*** Opening PROVIDED MATERIAL ***
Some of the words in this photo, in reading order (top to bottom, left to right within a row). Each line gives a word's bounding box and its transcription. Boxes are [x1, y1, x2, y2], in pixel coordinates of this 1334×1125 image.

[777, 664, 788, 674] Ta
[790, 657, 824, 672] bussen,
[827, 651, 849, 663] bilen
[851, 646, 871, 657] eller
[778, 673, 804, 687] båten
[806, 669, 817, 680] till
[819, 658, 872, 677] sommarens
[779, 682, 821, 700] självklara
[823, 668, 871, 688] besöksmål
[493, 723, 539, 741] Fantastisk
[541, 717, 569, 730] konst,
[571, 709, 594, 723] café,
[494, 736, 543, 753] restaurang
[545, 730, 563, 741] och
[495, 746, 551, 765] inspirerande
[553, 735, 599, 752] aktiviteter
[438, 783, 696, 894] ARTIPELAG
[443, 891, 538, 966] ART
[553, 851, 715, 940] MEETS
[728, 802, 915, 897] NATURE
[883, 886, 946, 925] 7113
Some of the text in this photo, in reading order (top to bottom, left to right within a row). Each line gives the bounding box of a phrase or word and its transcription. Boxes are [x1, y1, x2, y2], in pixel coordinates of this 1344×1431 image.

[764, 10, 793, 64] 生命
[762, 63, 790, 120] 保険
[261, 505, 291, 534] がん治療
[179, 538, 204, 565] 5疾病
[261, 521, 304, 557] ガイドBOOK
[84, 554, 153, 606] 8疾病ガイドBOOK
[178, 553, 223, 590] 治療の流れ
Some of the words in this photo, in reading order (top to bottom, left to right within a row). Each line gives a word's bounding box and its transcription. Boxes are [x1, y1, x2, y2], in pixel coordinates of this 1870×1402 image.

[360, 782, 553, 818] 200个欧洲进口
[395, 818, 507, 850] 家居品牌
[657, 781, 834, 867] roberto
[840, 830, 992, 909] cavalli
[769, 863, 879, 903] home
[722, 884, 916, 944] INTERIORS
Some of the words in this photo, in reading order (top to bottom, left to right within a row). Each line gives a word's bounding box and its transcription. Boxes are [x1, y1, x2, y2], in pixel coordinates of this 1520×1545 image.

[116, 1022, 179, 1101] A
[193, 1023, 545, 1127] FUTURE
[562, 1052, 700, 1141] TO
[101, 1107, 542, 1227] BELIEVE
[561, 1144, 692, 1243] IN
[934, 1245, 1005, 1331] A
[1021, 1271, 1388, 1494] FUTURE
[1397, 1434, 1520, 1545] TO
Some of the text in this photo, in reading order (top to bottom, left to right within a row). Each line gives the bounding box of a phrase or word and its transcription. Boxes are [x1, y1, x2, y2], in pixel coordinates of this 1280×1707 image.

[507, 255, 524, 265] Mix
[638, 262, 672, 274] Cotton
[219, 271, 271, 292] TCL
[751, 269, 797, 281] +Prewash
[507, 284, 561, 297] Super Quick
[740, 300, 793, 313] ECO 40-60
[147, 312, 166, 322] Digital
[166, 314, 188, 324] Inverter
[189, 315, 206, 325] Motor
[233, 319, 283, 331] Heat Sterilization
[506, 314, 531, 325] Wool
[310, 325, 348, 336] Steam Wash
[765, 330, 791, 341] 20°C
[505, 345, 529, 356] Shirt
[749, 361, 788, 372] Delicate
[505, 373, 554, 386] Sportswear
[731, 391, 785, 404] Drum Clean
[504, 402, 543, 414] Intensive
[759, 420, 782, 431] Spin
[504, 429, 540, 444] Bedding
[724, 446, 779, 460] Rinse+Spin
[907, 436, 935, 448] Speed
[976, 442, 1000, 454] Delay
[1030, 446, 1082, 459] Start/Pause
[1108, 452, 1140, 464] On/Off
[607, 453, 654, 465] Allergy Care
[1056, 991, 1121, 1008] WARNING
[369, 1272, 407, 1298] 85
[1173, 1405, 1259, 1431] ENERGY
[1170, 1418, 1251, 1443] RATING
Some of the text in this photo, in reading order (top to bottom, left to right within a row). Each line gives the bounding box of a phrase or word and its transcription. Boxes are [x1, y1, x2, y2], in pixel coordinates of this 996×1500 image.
*** Closing PROVIDED MATERIAL ***
Retype all the data, changing nothing.

» YOUR RESPONSE
Some of the words in this photo, in reading order (top to bottom, left to right within a row). Each line gives a word's bounding box and its transcription. Boxes are [x1, y1, x2, y2], in pixel coordinates of this 1334×1125 image.

[777, 664, 788, 674] Ta
[790, 657, 824, 672] bussen,
[827, 651, 849, 663] bilen
[851, 646, 871, 657] eller
[778, 673, 804, 687] båten
[806, 669, 817, 680] till
[819, 658, 872, 677] sommarens
[779, 682, 821, 700] självklara
[823, 668, 871, 688] besöksmål
[493, 723, 539, 741] Fantastisk
[541, 717, 569, 730] konst,
[571, 709, 594, 723] café,
[494, 736, 543, 753] restaurang
[545, 730, 563, 741] och
[495, 746, 551, 765] inspirerande
[553, 735, 599, 752] aktiviteter
[438, 783, 696, 894] ARTIPELAG
[443, 891, 538, 966] ART
[553, 851, 715, 940] MEETS
[728, 802, 915, 897] NATURE
[883, 886, 946, 925] 7113
Some of the text in this photo, in reading order (top to bottom, left to right within a row). Each line gives the bounding box of a phrase or word and its transcription. Boxes are [x1, y1, x2, y2], in pixel coordinates of this 1344×1431 image.

[764, 10, 793, 64] 生命
[762, 63, 790, 120] 保険
[261, 505, 291, 534] がん治療
[179, 538, 204, 565] 5疾病
[261, 521, 304, 557] ガイドBOOK
[84, 554, 153, 606] 8疾病ガイドBOOK
[178, 553, 223, 590] 治療の流れ
Some of the words in this photo, in reading order (top to bottom, left to right within a row). Each line gives a word's bounding box and its transcription. Boxes are [x1, y1, x2, y2], in pixel coordinates of this 1870×1402 image.

[360, 782, 553, 818] 200个欧洲进口
[395, 818, 507, 850] 家居品牌
[657, 781, 834, 867] roberto
[840, 830, 992, 909] cavalli
[769, 863, 879, 903] home
[722, 884, 916, 944] INTERIORS
Some of the words in this photo, in reading order (top to bottom, left to right within a row). Each line gives a word's bounding box and its transcription. Boxes are [x1, y1, x2, y2], in pixel coordinates of this 1520×1545 image.

[116, 1022, 179, 1101] A
[193, 1023, 545, 1127] FUTURE
[562, 1052, 700, 1141] TO
[101, 1107, 542, 1227] BELIEVE
[561, 1144, 692, 1243] IN
[934, 1245, 1005, 1331] A
[1021, 1271, 1388, 1494] FUTURE
[1397, 1434, 1520, 1545] TO
Some of the text in this photo, in reading order (top to bottom, left to right within a row). Each line gives the bounding box of a phrase or word and its transcription. Boxes are [x1, y1, x2, y2], in pixel coordinates of this 1280×1707 image.

[507, 255, 524, 265] Mix
[638, 262, 672, 274] Cotton
[219, 271, 271, 292] TCL
[751, 269, 797, 281] +Prewash
[507, 284, 561, 297] Super Quick
[740, 300, 793, 313] ECO 40-60
[147, 312, 166, 322] Digital
[166, 314, 188, 324] Inverter
[189, 315, 206, 325] Motor
[233, 319, 283, 331] Heat Sterilization
[506, 314, 531, 325] Wool
[310, 325, 348, 336] Steam Wash
[765, 330, 791, 341] 20°C
[505, 345, 529, 356] Shirt
[749, 361, 788, 372] Delicate
[505, 373, 554, 386] Sportswear
[731, 391, 785, 404] Drum Clean
[504, 402, 543, 414] Intensive
[759, 420, 782, 431] Spin
[504, 429, 540, 444] Bedding
[724, 446, 779, 460] Rinse+Spin
[907, 436, 935, 448] Speed
[976, 442, 1000, 454] Delay
[1030, 446, 1082, 459] Start/Pause
[1108, 452, 1140, 464] On/Off
[607, 453, 654, 465] Allergy Care
[1056, 991, 1121, 1008] WARNING
[369, 1272, 407, 1298] 85
[1173, 1405, 1259, 1431] ENERGY
[1170, 1418, 1251, 1443] RATING
Some of the text in this photo, in reading order (top to bottom, left to right within a row). Each line gives the bounding box of a phrase or word and its transcription. Boxes are [x1, y1, x2, y2], in pixel coordinates of this 996×1500 image.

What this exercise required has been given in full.